» **TASK REQUIREMENTS**
Restate the whole of the data below word for word, skipping the images.

» **INFORMATION**
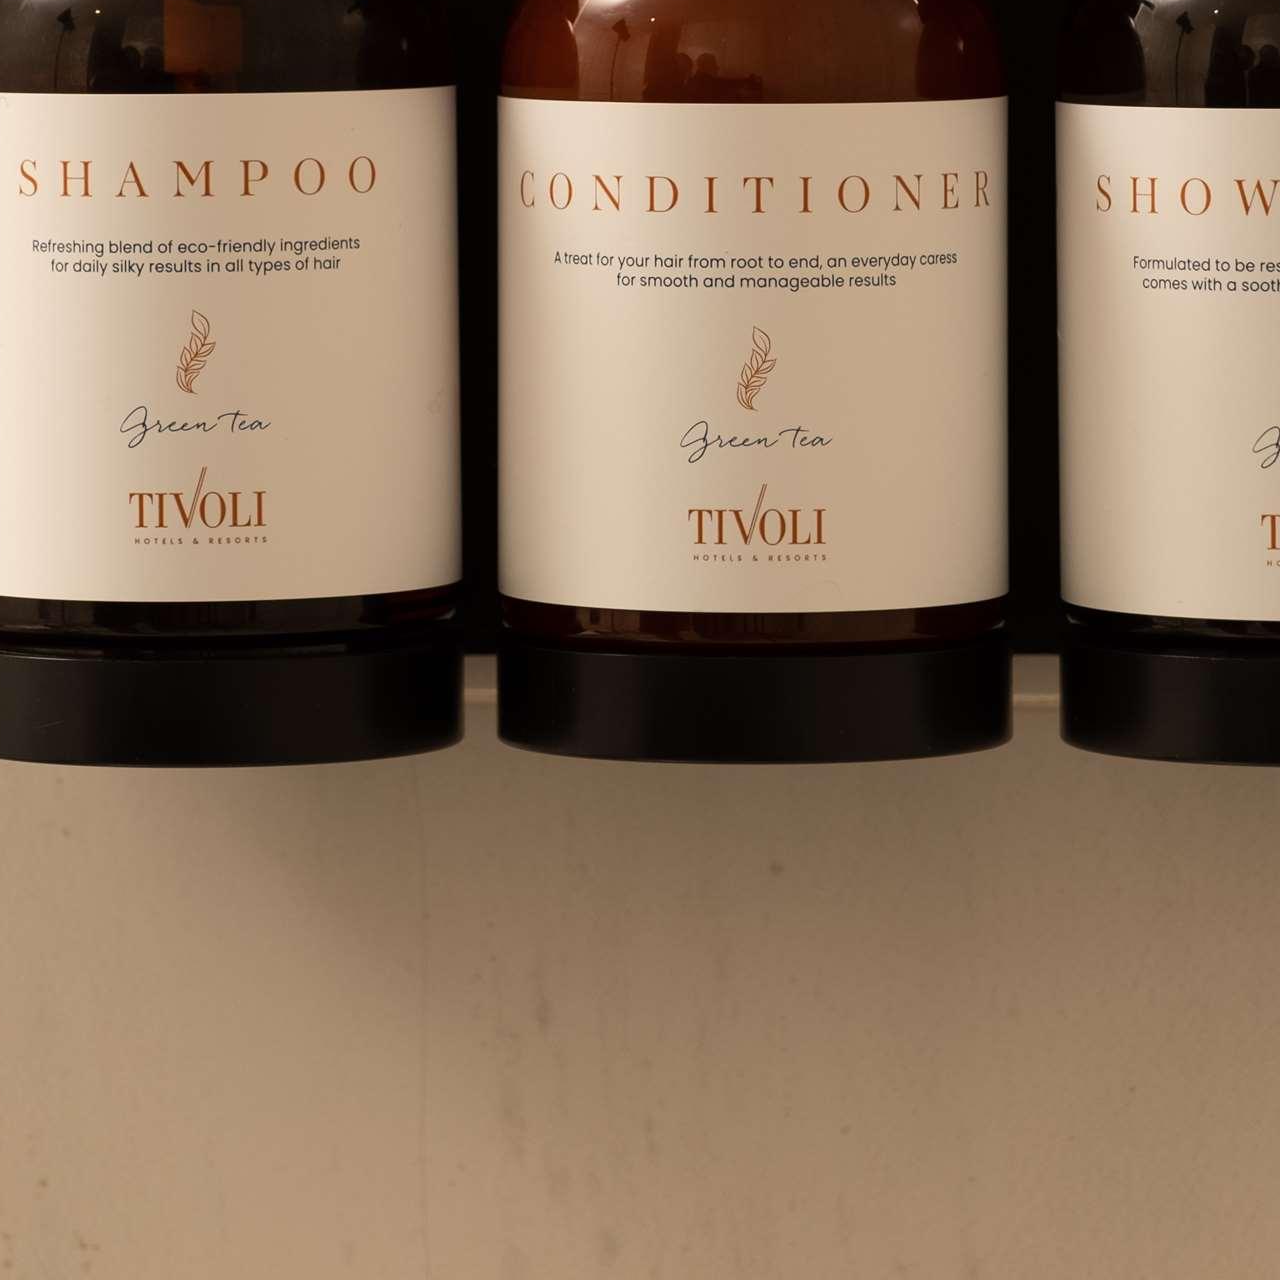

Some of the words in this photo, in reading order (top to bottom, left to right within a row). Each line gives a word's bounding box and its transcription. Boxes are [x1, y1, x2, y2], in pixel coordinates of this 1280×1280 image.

[18, 155, 377, 198] SHAMPOO
[520, 170, 990, 214] CONDITIONER
[32, 239, 105, 258] Refreshing
[108, 239, 153, 255] blend
[157, 239, 174, 254] of
[177, 238, 276, 257] eco-friendly
[279, 235, 361, 256] ingredients
[50, 258, 70, 273] for
[72, 258, 109, 277] daily
[111, 259, 145, 278] silky
[148, 259, 203, 274] results
[206, 258, 221, 273] in
[224, 258, 244, 273] all
[247, 259, 292, 277] types
[294, 255, 310, 271] of
[313, 255, 342, 271] hair
[553, 250, 562, 264] A
[563, 251, 593, 266] treat
[596, 251, 615, 267] for
[617, 255, 651, 271] your
[654, 253, 685, 269] hair
[687, 253, 726, 270] from
[730, 255, 765, 270] root
[767, 255, 785, 270] to
[788, 254, 823, 271] end,
[826, 256, 848, 269] an
[850, 252, 917, 272] everyday
[919, 252, 958, 266] caress
[1133, 255, 1211, 272] Formulated
[1214, 258, 1231, 273] to
[1234, 258, 1256, 273] be
[616, 272, 637, 287] for
[639, 273, 699, 289] smooth
[702, 274, 736, 289] and
[739, 273, 845, 293] manageable
[848, 272, 897, 288] results
[1142, 277, 1188, 291] comes
[1191, 276, 1223, 292] with
[1226, 280, 1237, 292] a
[120, 406, 217, 449] Green
[680, 421, 778, 464] Green
[128, 465, 268, 529] TIVOLI
[687, 482, 827, 547] TIVOLI
[134, 537, 184, 545] HOTELS
[208, 535, 268, 545] RESORTS
[693, 553, 743, 563] HOTELS
[767, 553, 827, 562] RESORTS

» **RESPONSE**
Some of the words in this photo, in reading order (top to bottom, left to right within a row). Each line gives a word's bounding box and its transcription. Boxes are [x1, y1, x2, y2], in pixel coordinates of this 1280×1280 image.

[18, 155, 377, 198] SHAMPOO
[520, 170, 990, 214] CONDITIONER
[32, 239, 105, 258] Refreshing
[108, 239, 153, 255] blend
[157, 239, 174, 254] of
[177, 238, 276, 257] eco-friendly
[279, 235, 361, 256] ingredients
[50, 258, 70, 273] for
[72, 258, 109, 277] daily
[111, 259, 145, 278] silky
[148, 259, 203, 274] results
[206, 258, 221, 273] in
[224, 258, 244, 273] all
[247, 259, 292, 277] types
[294, 255, 310, 271] of
[313, 255, 342, 271] hair
[553, 250, 562, 264] A
[563, 251, 593, 266] treat
[596, 251, 615, 267] for
[617, 255, 651, 271] your
[654, 253, 685, 269] hair
[687, 253, 726, 270] from
[730, 255, 765, 270] root
[767, 255, 785, 270] to
[788, 254, 823, 271] end,
[826, 256, 848, 269] an
[850, 252, 917, 272] everyday
[919, 252, 958, 266] caress
[1133, 255, 1211, 272] Formulated
[1214, 258, 1231, 273] to
[1234, 258, 1256, 273] be
[616, 272, 637, 287] for
[639, 273, 699, 289] smooth
[702, 274, 736, 289] and
[739, 273, 845, 293] manageable
[848, 272, 897, 288] results
[1142, 277, 1188, 291] comes
[1191, 276, 1223, 292] with
[1226, 280, 1237, 292] a
[120, 406, 217, 449] Green
[680, 421, 778, 464] Green
[128, 465, 268, 529] TIVOLI
[687, 482, 827, 547] TIVOLI
[134, 537, 184, 545] HOTELS
[208, 535, 268, 545] RESORTS
[693, 553, 743, 563] HOTELS
[767, 553, 827, 562] RESORTS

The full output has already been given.